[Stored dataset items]
====================

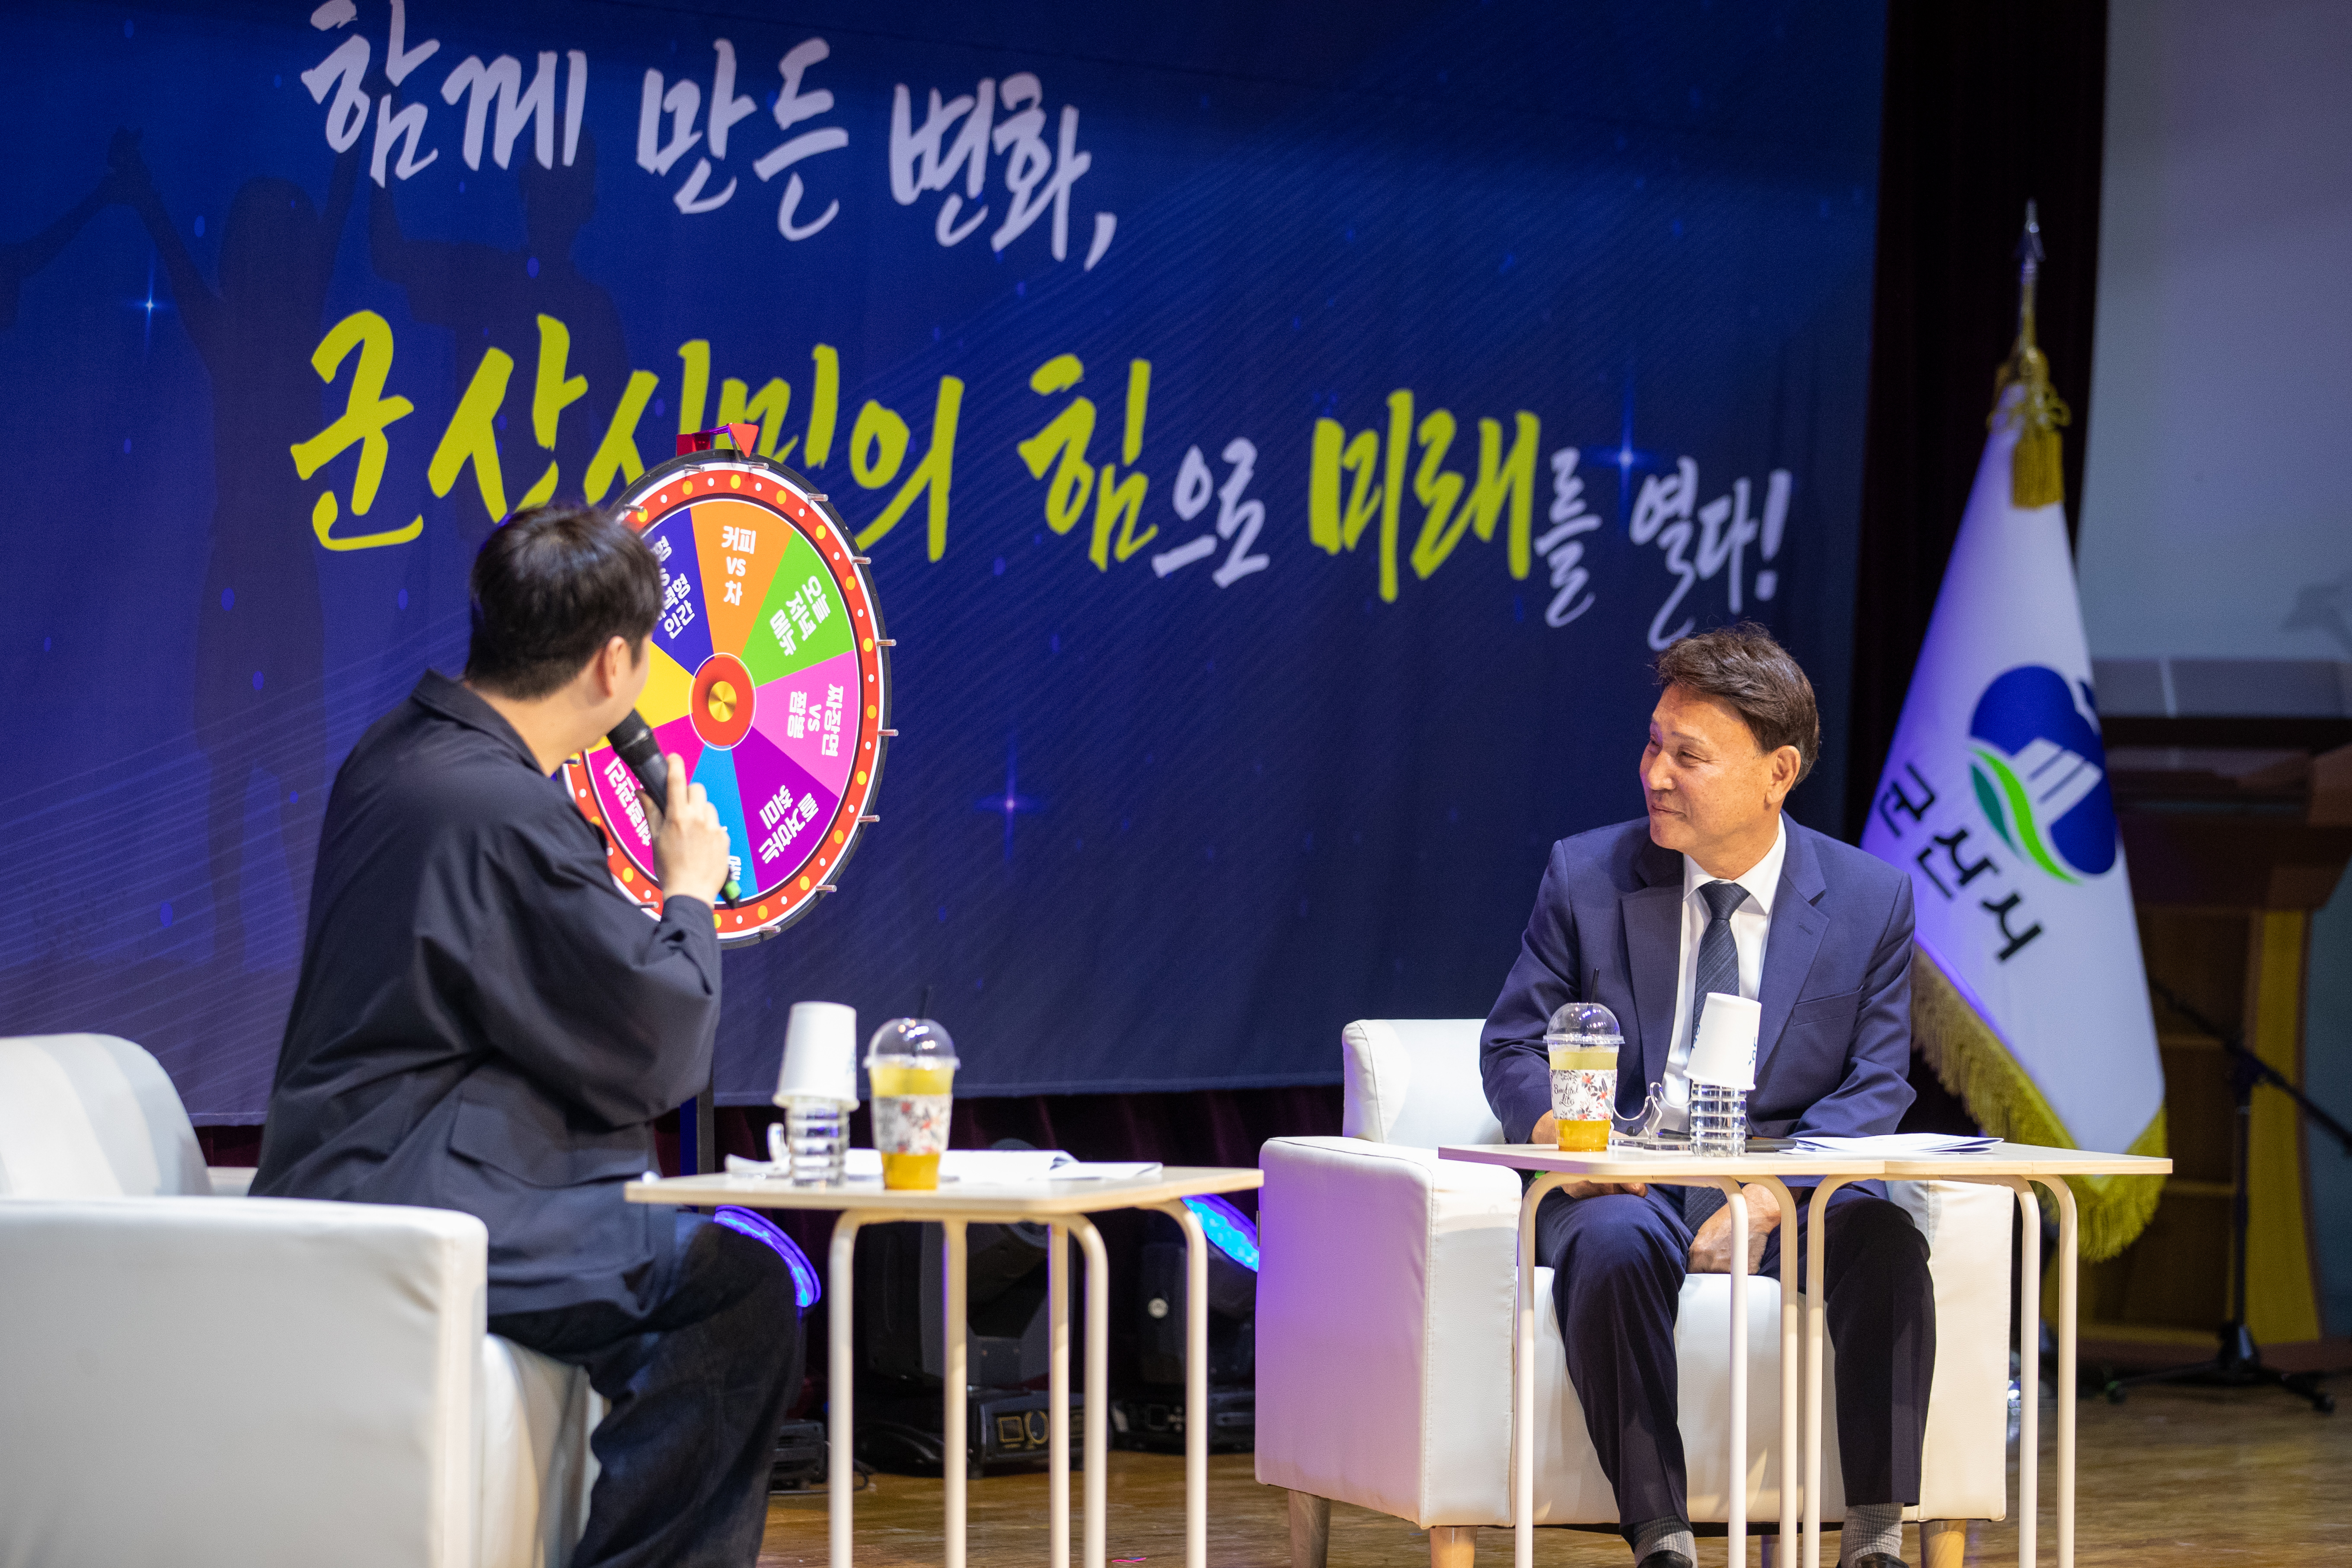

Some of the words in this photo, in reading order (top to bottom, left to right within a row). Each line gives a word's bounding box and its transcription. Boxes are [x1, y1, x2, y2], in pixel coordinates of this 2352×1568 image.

[300, 0, 588, 188] 함께
[636, 38, 849, 242] 만든
[888, 73, 1117, 272] 변화,
[1018, 354, 1270, 589] 힘으로
[1309, 390, 1602, 628] 미래를
[1629, 455, 1792, 651] 열다!
[721, 525, 756, 554] 커피
[726, 556, 746, 577] VS
[659, 573, 691, 620] 녁형
[723, 580, 743, 606] 차
[785, 591, 817, 641] 저녁
[802, 575, 830, 623] 오늘
[664, 600, 695, 639] 인간
[770, 609, 797, 656] 메뉴
[787, 691, 807, 739] 짬뽕
[807, 704, 822, 732] VS
[821, 683, 844, 757] 짜장면
[759, 785, 793, 830] 취미
[759, 793, 819, 864] 즐겨하는
[1878, 762, 2042, 963] 군산시

====================

> _WHAT YOU WILL DO_
Aside from the pictures, copy all of the entries exactly.

> _EXPECTED OUTPUT_
Some of the words in this photo, in reading order (top to bottom, left to right within a row). Each line gives a word's bounding box and its transcription. Boxes are [x1, y1, x2, y2], in pixel coordinates of this 2352×1568 image.

[300, 0, 588, 188] 함께
[636, 38, 849, 242] 만든
[888, 73, 1117, 272] 변화,
[1018, 354, 1270, 589] 힘으로
[1309, 390, 1602, 628] 미래를
[1629, 455, 1792, 651] 열다!
[721, 525, 756, 554] 커피
[726, 556, 746, 577] VS
[659, 573, 691, 620] 녁형
[723, 580, 743, 606] 차
[785, 591, 817, 641] 저녁
[802, 575, 830, 623] 오늘
[664, 600, 695, 639] 인간
[770, 609, 797, 656] 메뉴
[787, 691, 807, 739] 짬뽕
[807, 704, 822, 732] VS
[821, 683, 844, 757] 짜장면
[759, 785, 793, 830] 취미
[759, 793, 819, 864] 즐겨하는
[1878, 762, 2042, 963] 군산시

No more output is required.